Vascular Biogenics Ltd., operating as VBL Therapeutics, is a late-stage clinical biopharmaceutical company focused on the discovery, development and commercialization of first-in-class treatments for cancer. VBL has also developed a proprietary platform of small molecules, Lecinoxoids, for the treatment of chronic immune-related indications. The Company's lead oncology product candidate, VB-111, is a gene-based biologic that is initially being developed for recurrent glioblastoma, or rGBM, an aggressive form of brain cancer. VB-111 has received orphan drug designation in both the United States and Europe and was granted Fast Track designation by the FDA for prolongation of survival in patients with glioblastoma that has recurred following treatment with standard chemotherapy and radiation. VBL Therapeutics expects to begin the pivotal Phase 3 trial for VB-111 in rGBM in mid-2015, under a special protocol assessment agreement granted by the FDA.

Forward Looking Statements:

This press release contains forward-looking statements. These forward-looking statements are not promises or guarantees and involve substantial risks and uncertainties. Among the factors that could cause actual results to differ materially from those described or projected herein include uncertainties associated generally with research and development, clinical trials and related regulatory reviews and approvals, and the risk that historical clinical trial results may not be predictive of future trial results.
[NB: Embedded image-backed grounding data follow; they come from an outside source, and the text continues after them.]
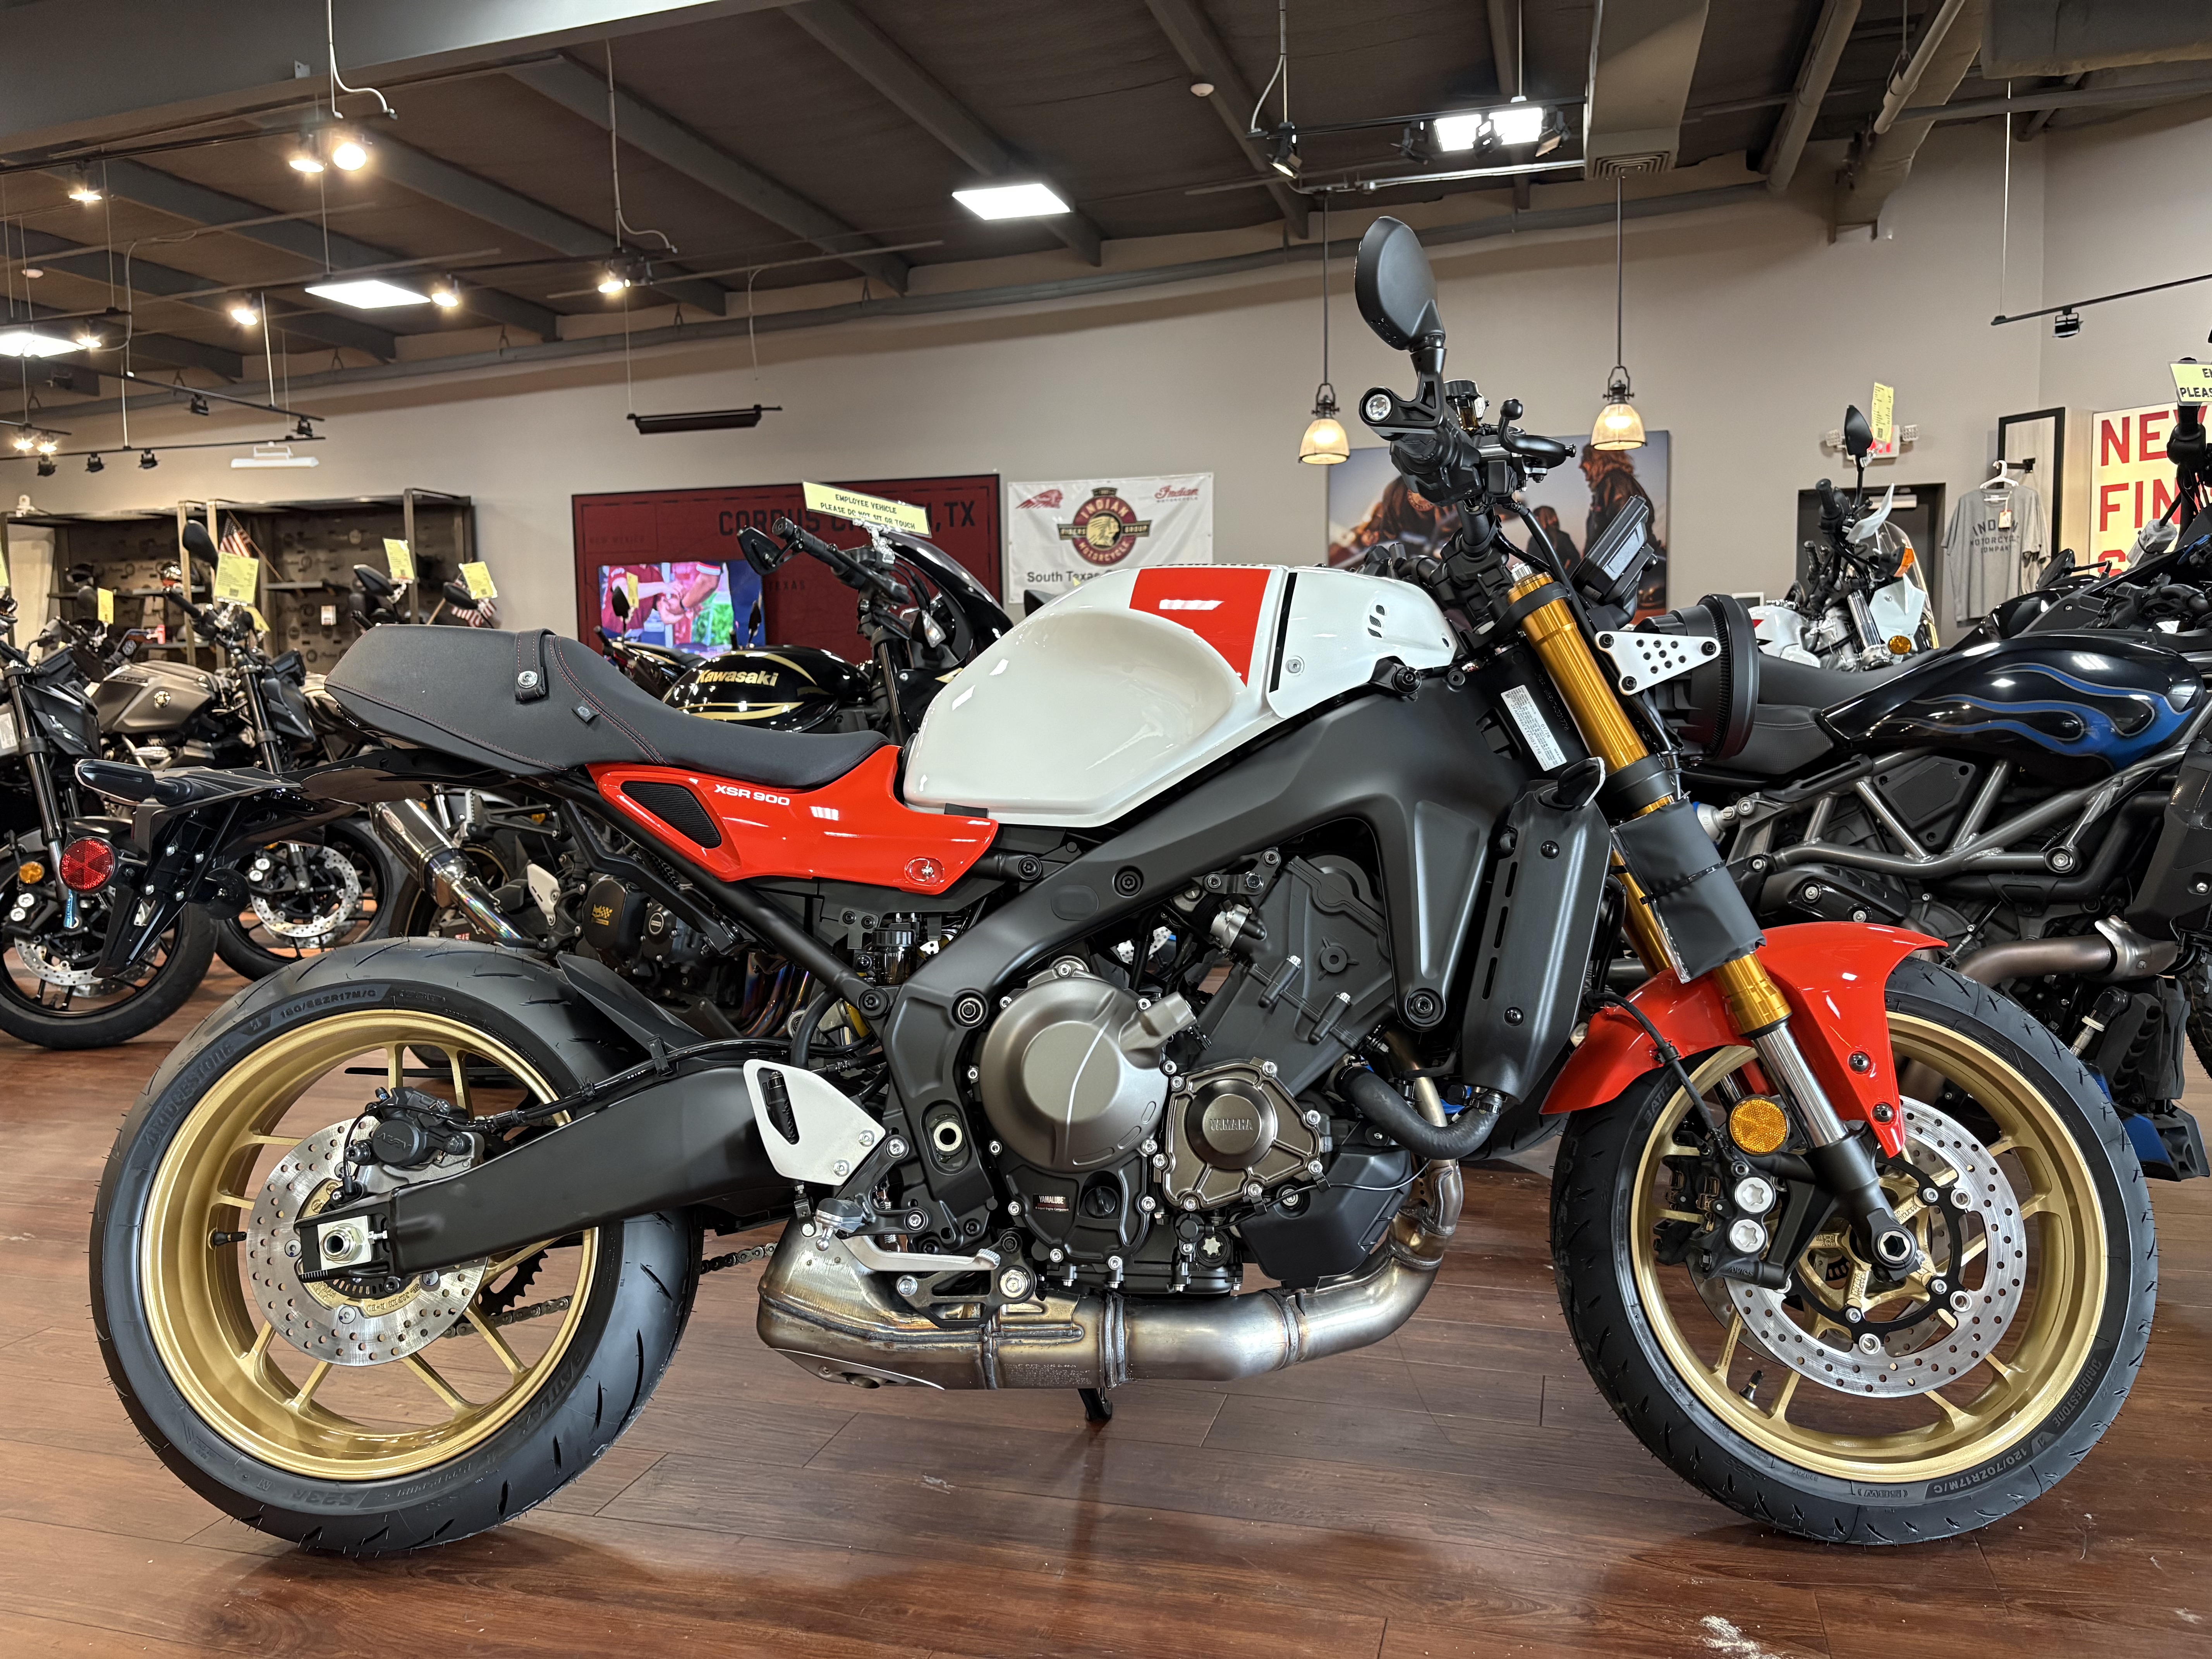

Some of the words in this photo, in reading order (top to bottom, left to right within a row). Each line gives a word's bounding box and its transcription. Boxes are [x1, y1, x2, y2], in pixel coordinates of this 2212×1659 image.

[2101, 405, 2208, 467] NE
[835, 494, 869, 507] EMPLOYEE
[871, 503, 897, 514] VEHICLE
[1080, 498, 1129, 519] INDIAN
[821, 502, 846, 514] PLEASE
[873, 514, 883, 522] SIT
[895, 519, 915, 530] TOUCH
[1972, 519, 2018, 536] INDN
[1078, 541, 1130, 562] MOTORCYCLE
[1027, 571, 1063, 582] South
[696, 669, 779, 687] Kawasaki
[714, 783, 752, 800] XSR
[754, 791, 790, 806] 900
[1210, 1118, 1253, 1130] YAMAHA
[2052, 1358, 2103, 1428] BRIDGESTONE
[1934, 1447, 2027, 1496] 120/70ZR17M/C
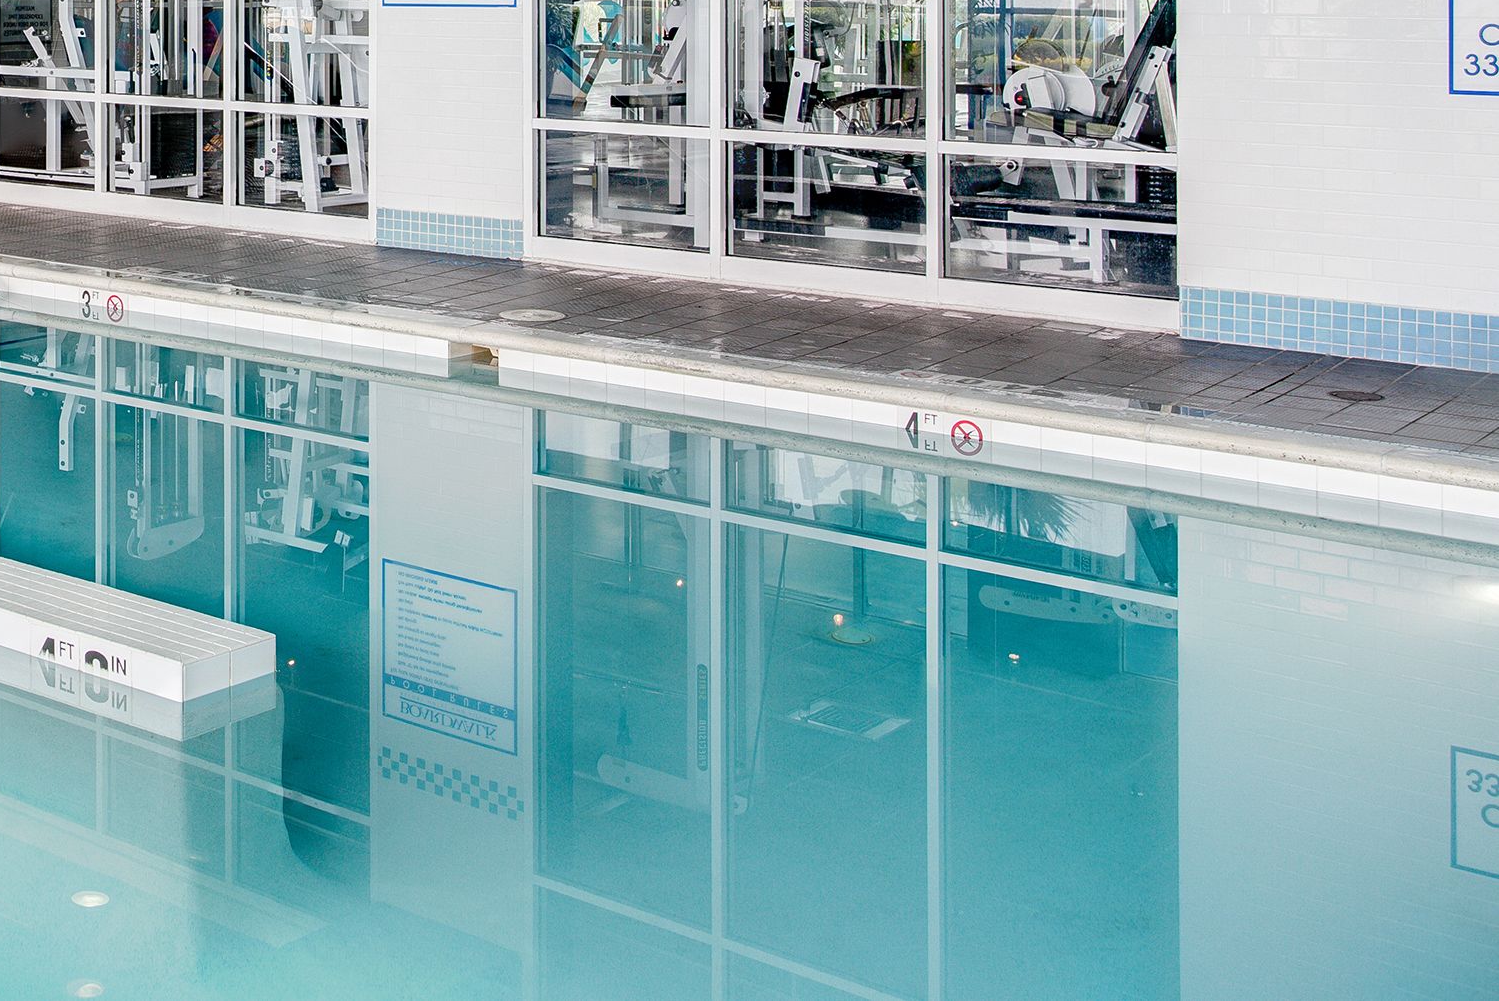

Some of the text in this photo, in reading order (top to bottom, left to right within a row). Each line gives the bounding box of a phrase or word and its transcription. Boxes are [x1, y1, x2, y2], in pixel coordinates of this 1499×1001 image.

[1464, 54, 1499, 76] 33
[924, 413, 937, 425] FT
[60, 641, 75, 660] FT
[111, 656, 126, 676] IN
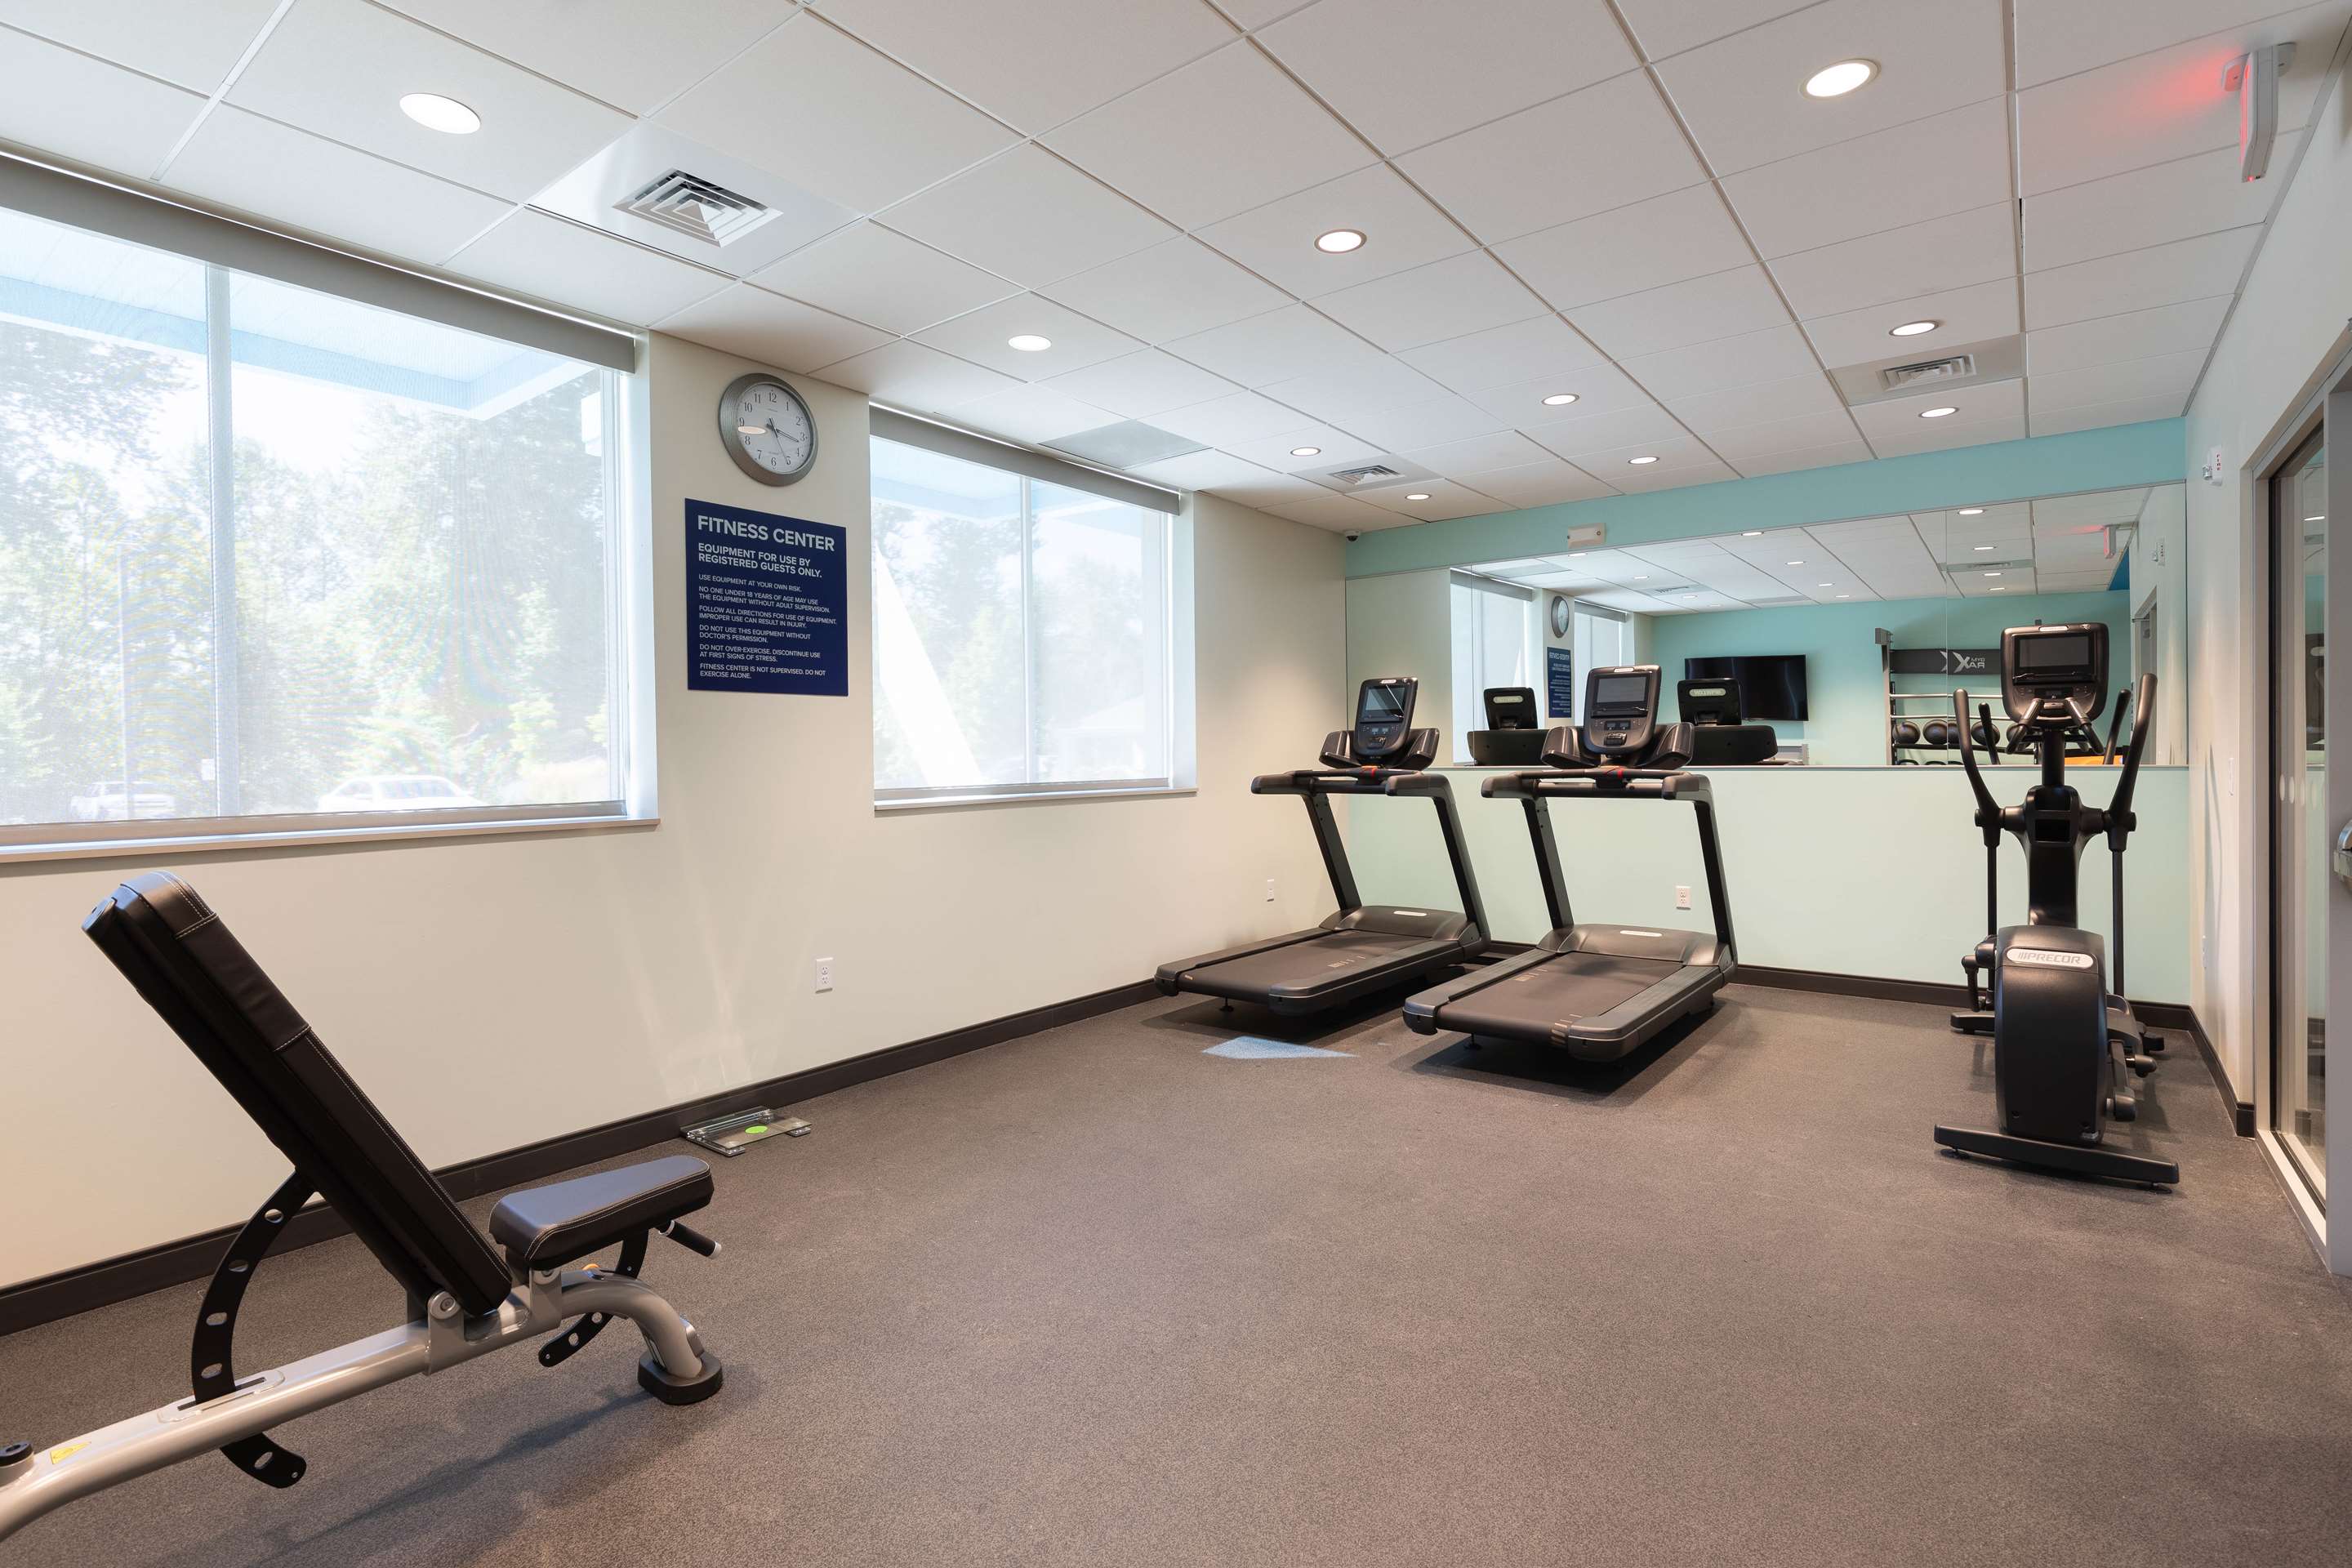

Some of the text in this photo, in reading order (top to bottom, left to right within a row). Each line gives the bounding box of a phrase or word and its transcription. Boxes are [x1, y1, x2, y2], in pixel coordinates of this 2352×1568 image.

[755, 394, 760, 403] 11
[768, 393, 777, 403] 12
[745, 402, 752, 412] 10
[786, 401, 790, 412] 1
[739, 417, 745, 426] 9
[795, 416, 801, 425] 2
[745, 435, 751, 445] 8
[800, 432, 805, 442] 3
[757, 449, 762, 459] 7
[771, 457, 777, 466] 6
[697, 514, 834, 551] FITNESS CENTER
[698, 542, 810, 567] EQUIPMENT FOR USE BY
[698, 553, 822, 577] REGISTERED GUESTS ONLY.
[712, 576, 746, 585] EQUIPMENT
[713, 595, 746, 604] EQUIPMENT
[748, 599, 774, 607] WITHOUT
[794, 604, 830, 612] SUPERVISION.
[699, 605, 724, 613] FOLLOW
[737, 609, 771, 617] DIRECTIONS
[806, 616, 836, 624] EQUIPMENT.
[699, 612, 729, 621] IMPROPER
[752, 629, 784, 637] EQUIPMENT
[733, 635, 768, 643] PERMISSION.
[725, 645, 771, 654] OVER-EXERCISE.
[2027, 952, 2081, 964] PRECOR
In particular, results from our proposed pivotal Phase 3 clinical trial of VB-111 in rGBM may not support approval of VB-111 for marketing in the United States, notwithstanding the positive results seen in our current clinical trial. A further list and description of these risks, uncertainties and other risks can be found in the Company's regulatory filings with the U.S. Securities and Exchange Commission. Existing and prospective investors are cautioned not to place undue reliance on these forward-looking statements, which speak only as of the date hereof. VBL Therapeutics undertakes no obligation to update or revise the information contained in this press release, whether as a result of new information, future events or circumstances or otherwise.